Torres & Kamhi, for some reason, feel a need to knock down the usual view of architecture as a conveyor of meaning and majesty. They are out on a limb on this position, and they don't have much support except for their own dismissive hand waving. They don't *see* the "Sermons in Stone". So the sermons must not be there. Several millennia of people reporting that some buildings make them feel special and holy... must just be groundless!

They take a stand against reading The Fountainhead in search of Rand's view of architecture. This, after Rand recommended doing exactly that!

Anyway, the issues deserve to be separated. One might logically hold that architecture is not exactly art, but that it DOES convey some of the same emotional-intellectual force of art. After all, Romantic love is not art, but it certainly conveys some of the same effect of art, namely a powerful sense of affirmation of one's own sense of life.

Architecture deserves our admiration, regardless of its exact classification among human artifacts. (And I still say... it's art.)

Rhyme of the day:

Temples and towers
embody our powers.

you must change your life

We have a guest "rhyme of the day." This time it's a real poem, a famous one.

The poem describe an old statue of the god, Apollo. All that's left is a torso. No head. But the poet, Rainer Maria Rilke, sees a great deal in the torso.

"Archaic Torso of Apollo" tran. Walter Kaufmann)

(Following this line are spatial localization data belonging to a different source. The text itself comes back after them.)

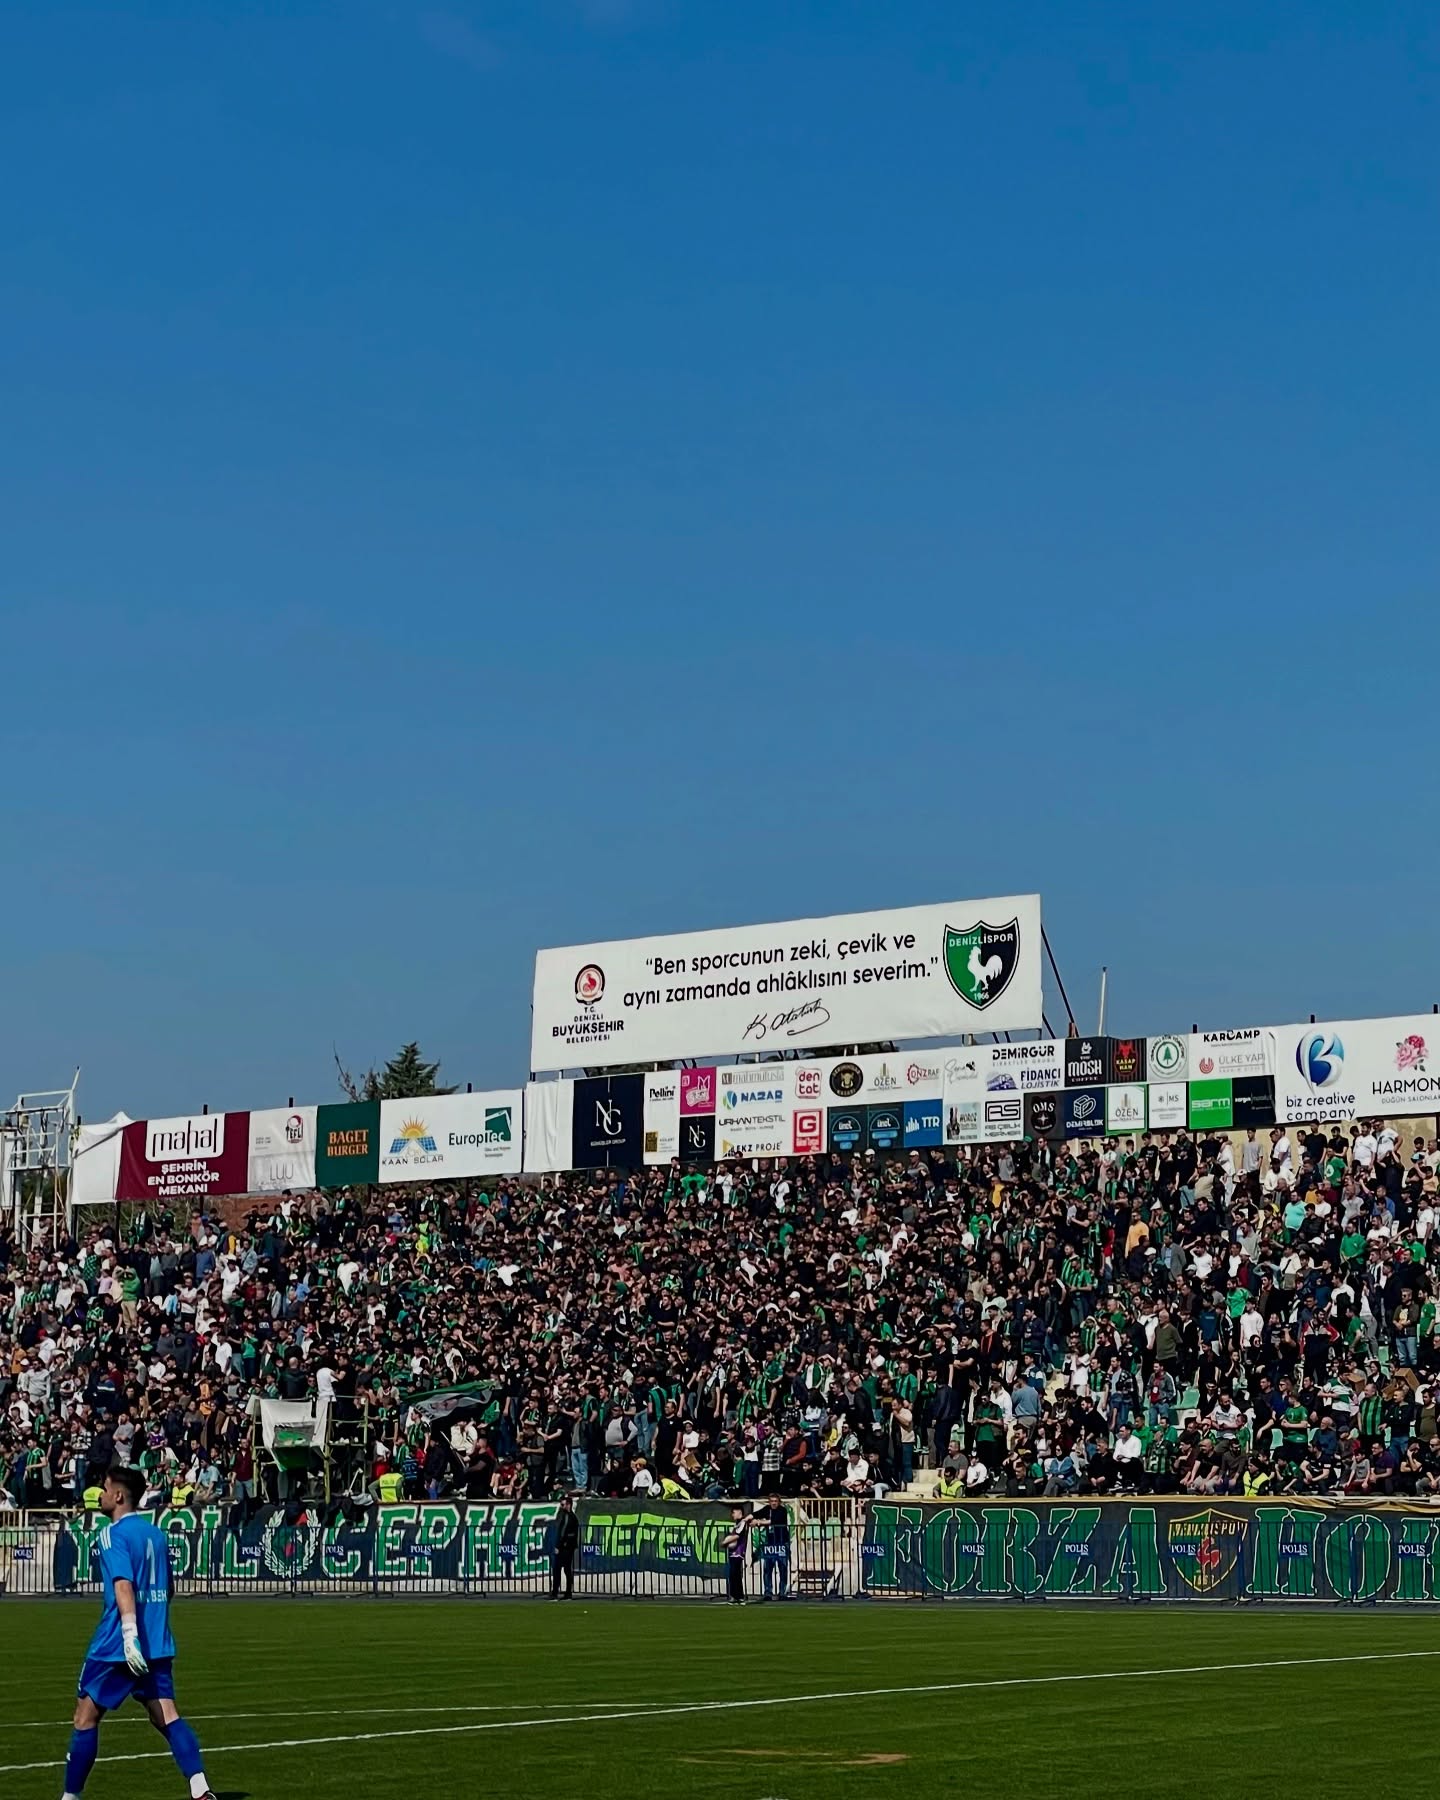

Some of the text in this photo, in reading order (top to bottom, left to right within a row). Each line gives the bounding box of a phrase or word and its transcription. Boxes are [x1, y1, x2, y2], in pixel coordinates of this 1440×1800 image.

[691, 948, 784, 975] sporcunun
[790, 939, 831, 961] zeki,
[837, 933, 887, 960] çevik
[893, 934, 915, 949] ve
[623, 990, 660, 1010] aynı
[666, 977, 750, 1003] zamanda
[756, 968, 847, 993] ahlâklısını
[974, 991, 989, 1001] 1966
[1021, 1067, 1060, 1081] FİDANCI
[1068, 1059, 1102, 1077] MOSH
[1286, 1096, 1302, 1107] biz
[1306, 1092, 1355, 1106] creative
[1287, 1108, 1355, 1121] company
[152, 1118, 218, 1157] mahal
[329, 1129, 369, 1144] BAGET
[327, 1144, 369, 1156] BURGER
[414, 1155, 444, 1164] SOLAR
[148, 1171, 220, 1186] EN BONKÖR
[322, 1503, 561, 1578] CEPHE
[866, 1504, 1168, 1593] FORZA
[146, 1538, 155, 1584] 1

We did not know his high, unheard-of head
where his eyes' apples ripened. Yet his torso has
retained their glowing as
a candelabrum where his vision, not yet dead,

only turned low, still shines. For else the breast
could not blind you, nor could we still discern
the smile that wanders in the loins' faint turn
to that core which once carried manhood's crest.

Else would this stone, disfigured and too small,
stand mute under the shoulders' lucid fall,
and not gleam like a great cat's skin, and not

burst out of all its contours, bright
as a great star: there is no spot
that does not see you. You must change your life.

Pause on that last sentence. You must change your life. All this from a statue. Rilke is experiencing this ancient statue as a contemporary challenge to his way of living. How can this be?

After all, it has been argued that only the literary arts are capable of communicating a moral ideal. But here is a poet who finds a moral ideal in a Greek statue. In this he resembles Ayn Rand.

Here is another poet, the translator of the Rilke poem, reacting to Rembrandt and finding all sorts of levels of moral meaning in the man's paintings.

"Rembrandt" by Walter Kaufmann

Deep crimson velvet lined with ermine fur,
pictures of women's breasts and eager thighs
seem dull and dead before the sunken eyes
of my creations: beggars whom you slur,

the poor, the old, the Jews - the scum that crowds
into the fringes of your wealthy towns:
Without the benefit of purple gowns
or naked bodies under silken shrouds,

without a multicolored interplay,
I model them out of the dark of night,
bring them to life with but a beam of light,
as God created us from dirt and clay.

The mud-brown portrait of some beggar-sage,
a little etching, all restraint and quiet,
contains more life than all the Baroque riot
and infinite contortions of this age.

Kaufmann obviously is finding a very different "message" in Rembrandt's paintings than Rilke did in the torso of Apollo. Kaufmann takes away a message of social justice, disdain for showy splendor, and a thirst for authenticity. He is obviously inspired by this message.

Again I ask, how can this be? How can a visual image contain challenging moral content?

Maybe it's just these oversensitive poets, making things up?

On the other hand, maybe the people who cannot see anything of such meanings are undersensitive.